- _Task prompt_: Retype every entry below exactly as it stands.

- _Records for processing_:
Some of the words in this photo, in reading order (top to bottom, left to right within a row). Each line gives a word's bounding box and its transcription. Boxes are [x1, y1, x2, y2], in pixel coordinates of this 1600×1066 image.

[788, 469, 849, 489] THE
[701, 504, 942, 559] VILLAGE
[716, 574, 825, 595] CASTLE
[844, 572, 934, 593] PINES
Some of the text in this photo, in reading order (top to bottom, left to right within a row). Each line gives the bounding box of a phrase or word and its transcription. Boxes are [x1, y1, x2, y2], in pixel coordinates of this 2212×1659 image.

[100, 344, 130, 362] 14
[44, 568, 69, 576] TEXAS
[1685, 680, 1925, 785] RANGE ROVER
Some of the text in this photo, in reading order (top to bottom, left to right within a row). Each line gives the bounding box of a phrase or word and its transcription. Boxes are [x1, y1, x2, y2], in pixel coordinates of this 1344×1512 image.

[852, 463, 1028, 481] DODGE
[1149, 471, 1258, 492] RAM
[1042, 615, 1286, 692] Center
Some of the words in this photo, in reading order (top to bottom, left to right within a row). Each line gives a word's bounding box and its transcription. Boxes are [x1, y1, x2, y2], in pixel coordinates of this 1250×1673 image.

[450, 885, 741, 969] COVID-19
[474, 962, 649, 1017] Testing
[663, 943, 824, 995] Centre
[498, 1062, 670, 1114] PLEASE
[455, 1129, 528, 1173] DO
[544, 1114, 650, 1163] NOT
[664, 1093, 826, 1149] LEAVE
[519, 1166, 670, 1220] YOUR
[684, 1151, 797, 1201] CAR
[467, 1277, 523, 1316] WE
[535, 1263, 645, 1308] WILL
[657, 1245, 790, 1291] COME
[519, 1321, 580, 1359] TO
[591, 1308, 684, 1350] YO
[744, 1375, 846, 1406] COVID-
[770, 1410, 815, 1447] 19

- _Answer box_:
Some of the words in this photo, in reading order (top to bottom, left to right within a row). Each line gives a word's bounding box and its transcription. Boxes are [x1, y1, x2, y2], in pixel coordinates of this 1600×1066 image.

[788, 469, 849, 489] THE
[701, 504, 942, 559] VILLAGE
[716, 574, 825, 595] CASTLE
[844, 572, 934, 593] PINES
Some of the text in this photo, in reading order (top to bottom, left to right within a row). Each line gives the bounding box of a phrase or word and its transcription. Boxes are [x1, y1, x2, y2], in pixel coordinates of this 2212×1659 image.

[100, 344, 130, 362] 14
[44, 568, 69, 576] TEXAS
[1685, 680, 1925, 785] RANGE ROVER
Some of the text in this photo, in reading order (top to bottom, left to right within a row). Each line gives the bounding box of a phrase or word and its transcription. Boxes are [x1, y1, x2, y2], in pixel coordinates of this 1344×1512 image.

[852, 463, 1028, 481] DODGE
[1149, 471, 1258, 492] RAM
[1042, 615, 1286, 692] Center
Some of the words in this photo, in reading order (top to bottom, left to right within a row). Each line gives a word's bounding box and its transcription. Boxes are [x1, y1, x2, y2], in pixel coordinates of this 1250×1673 image.

[450, 885, 741, 969] COVID-19
[474, 962, 649, 1017] Testing
[663, 943, 824, 995] Centre
[498, 1062, 670, 1114] PLEASE
[455, 1129, 528, 1173] DO
[544, 1114, 650, 1163] NOT
[664, 1093, 826, 1149] LEAVE
[519, 1166, 670, 1220] YOUR
[684, 1151, 797, 1201] CAR
[467, 1277, 523, 1316] WE
[535, 1263, 645, 1308] WILL
[657, 1245, 790, 1291] COME
[519, 1321, 580, 1359] TO
[591, 1308, 684, 1350] YO
[744, 1375, 846, 1406] COVID-
[770, 1410, 815, 1447] 19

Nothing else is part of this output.